Various factors predictive of patient outcomes and response to antiprogrammed death-1 (PD-1)/programmed-death ligand-1 (PD-L1) have been identified in the context of advanced breast cancer, according to an oral presentation delivered at the 35th Annual Chemotherapy Foundation Symposium in New York.1

Breast cancer was previously thought to not be immunogenic in nature, but a subset of patients with breast cancer, primarily with triple negative (TN) disease, have exhibited robust levels of tumor infiltrating leukocytes (TIL).

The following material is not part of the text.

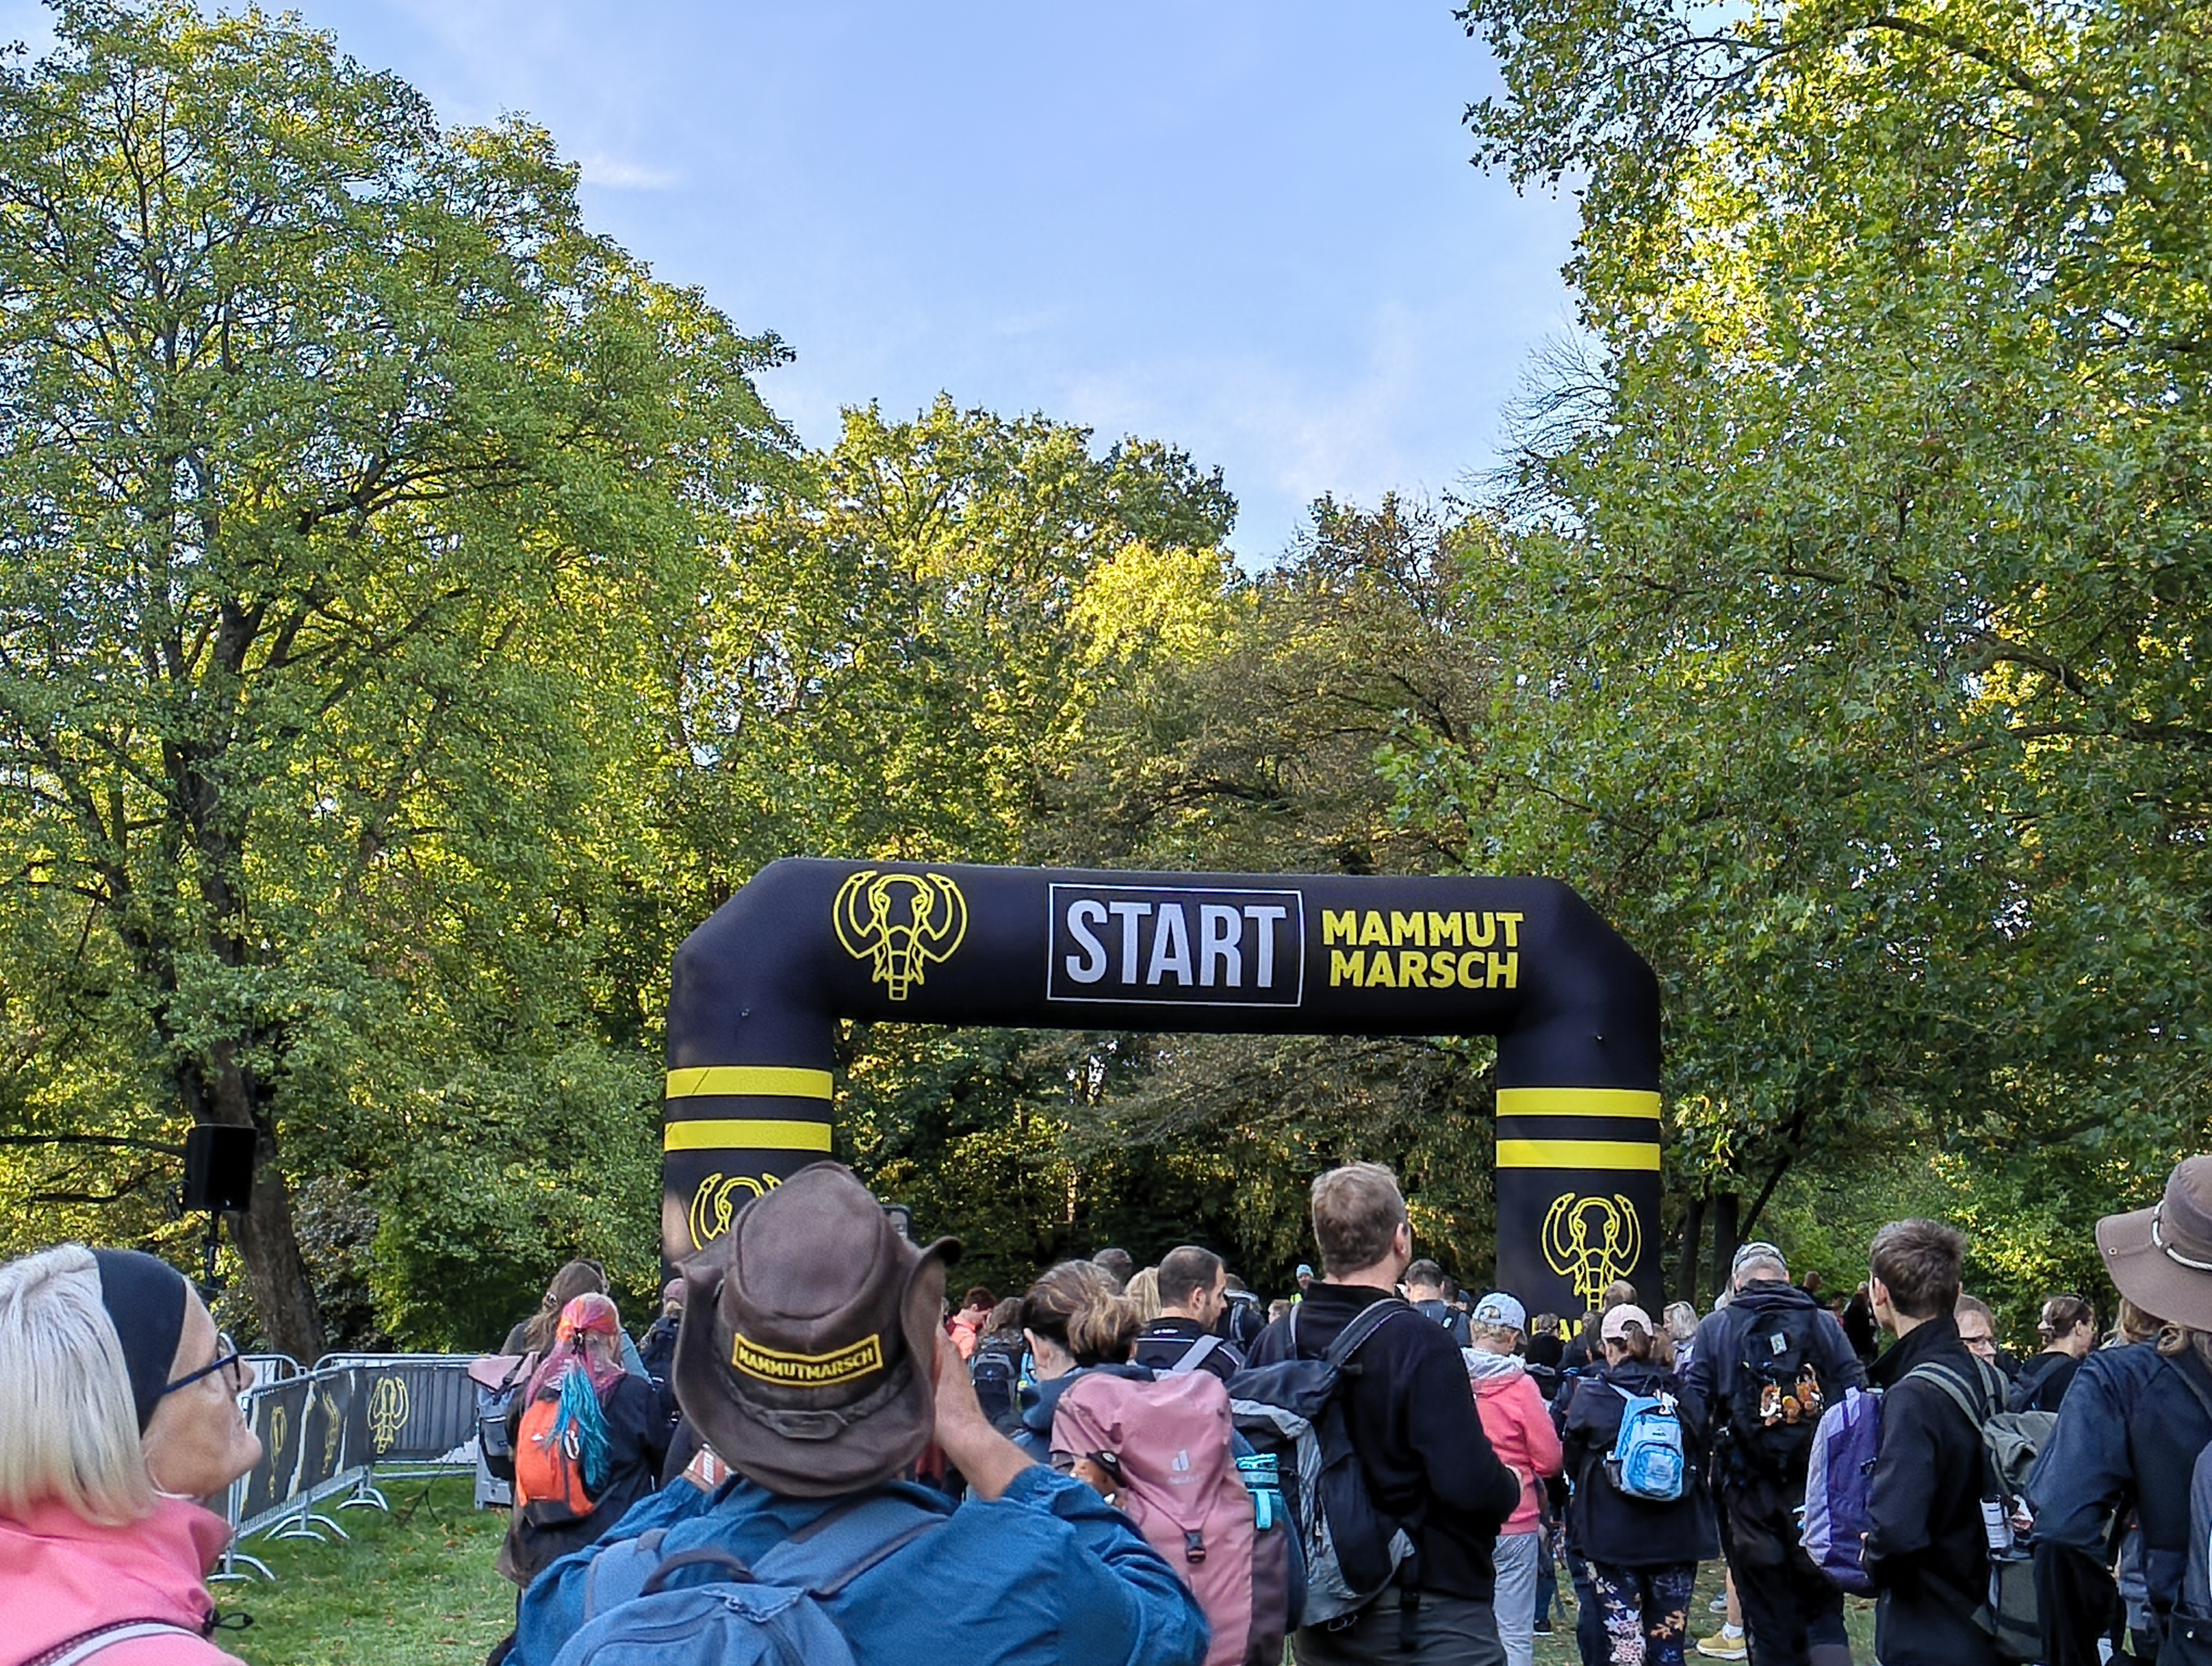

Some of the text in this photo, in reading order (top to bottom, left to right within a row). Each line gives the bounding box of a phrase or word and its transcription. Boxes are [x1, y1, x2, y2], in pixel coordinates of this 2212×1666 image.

[1066, 899, 1287, 988] START
[1322, 909, 1524, 947] MAMMUT
[1329, 950, 1519, 989] MARSCH
[739, 1346, 874, 1379] MAMMUTMARSCH

Atezolizumab was evaluated in a dose-expansion phase 1a study that enrolled heavily pretreated patients with triple negative (TN) breast cancer. The overall response rate to atezolizumab was 10% to 13%, and patients with PD-L1 expressing cells had a slightly higher response rate (RR). Patients that received atezolizumab as first-line therapy, however, achieved a RR of 26% ― much higher than rates in the second- or third-line setting. Median overall survival (OS) was 9.3 months (95% CI, 7.0-12.6) in all patients who had a response, which was sustained for 2 to 3 years. Patients with tumors characterized by a high level of TILs had a doubling of overall RR and doubling of median OS compared with patients with low TIL levels.

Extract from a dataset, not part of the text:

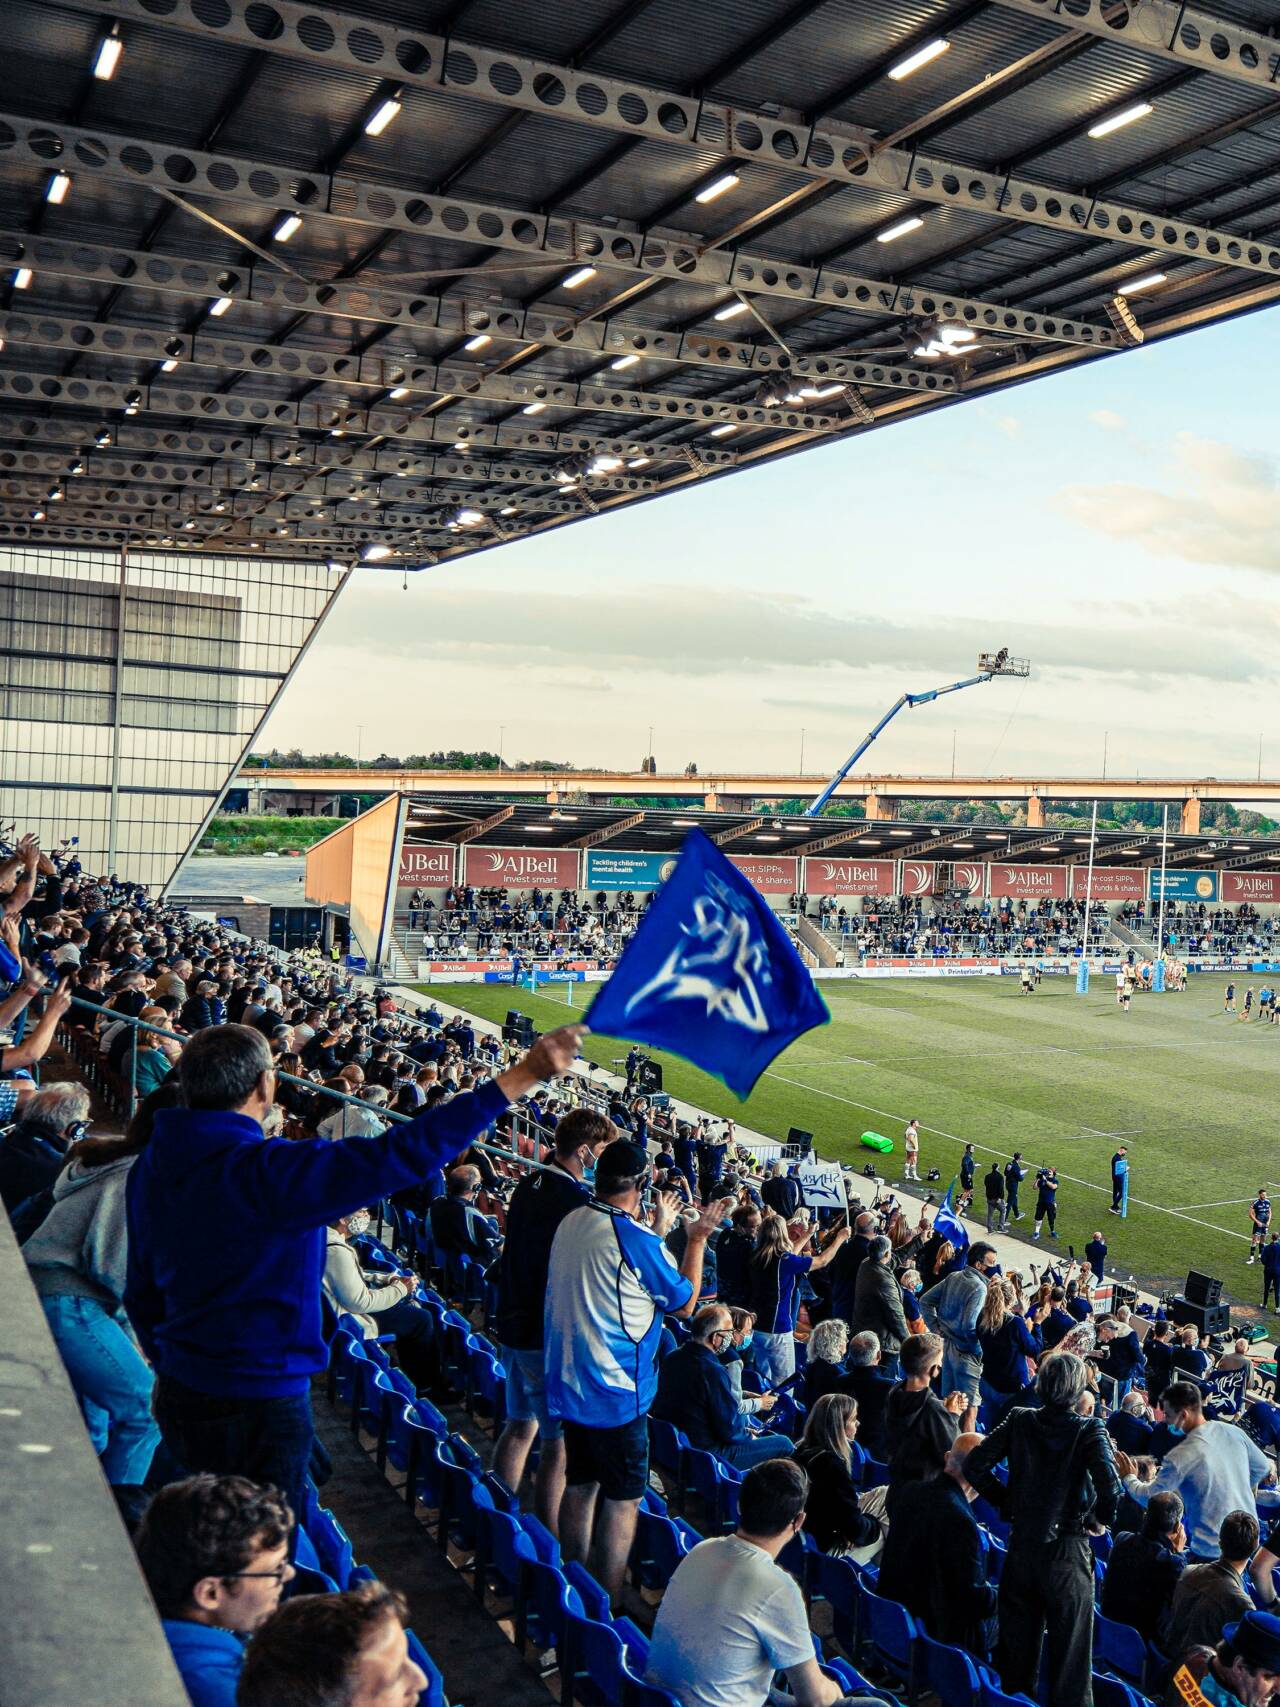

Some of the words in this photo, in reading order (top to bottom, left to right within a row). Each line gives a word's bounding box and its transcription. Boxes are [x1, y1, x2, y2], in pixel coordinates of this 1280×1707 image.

The efficacy of pembrolizumab was assessed in a multicohort study for patients with metastatic TN breast cancer. Cohort A enrolled patients who previously received treatment regardless of PD-L1 status and cohort B enrolled patients who had PD-L1 positive disease and were treatment naive. The overall RR for previously treated patients was 4.7% to 4.8% regardless of PD-L1 status. As first-line therapy however, overall RR to pembrolizumab was 23.1%. Patients who had higher TIL levels had a RR of nearly 40%, compared with just 10% in patients with low levels of TIL.

The presence of TILs and line of therapy were shown to be powerful predictors of patient outcomes, whereas PD-L1 status was not.

Several studies are currently investigating the tolerability of checkpoint inhibitors when given concurrently with chemotherapy in advanced breast cancer. Evidence from these studies not only suggest that the combination is safe, but the toxicity profiles remained largely consistent with previous findings of chemotherapy or immune checkpoint inhibitors individually.

In addition, checkpoint inhibitors are being evaluated in other studies as potentially safe and effective options in the early-stage preoperative setting.

Read more of Cancer Therapy Advisor's coverage of the Chemotherapy Foundation Symposium (CFS) by visiting the conference page.

Reference

  1. Nanda R. Hopes and perils of immunotherapy in breast cancer: adjuvant and neoadjuvant considerations. Oral presentation at: 35th Annual Chemotherapy Foundation Symposium; November 8-10, 2017; New York, NY.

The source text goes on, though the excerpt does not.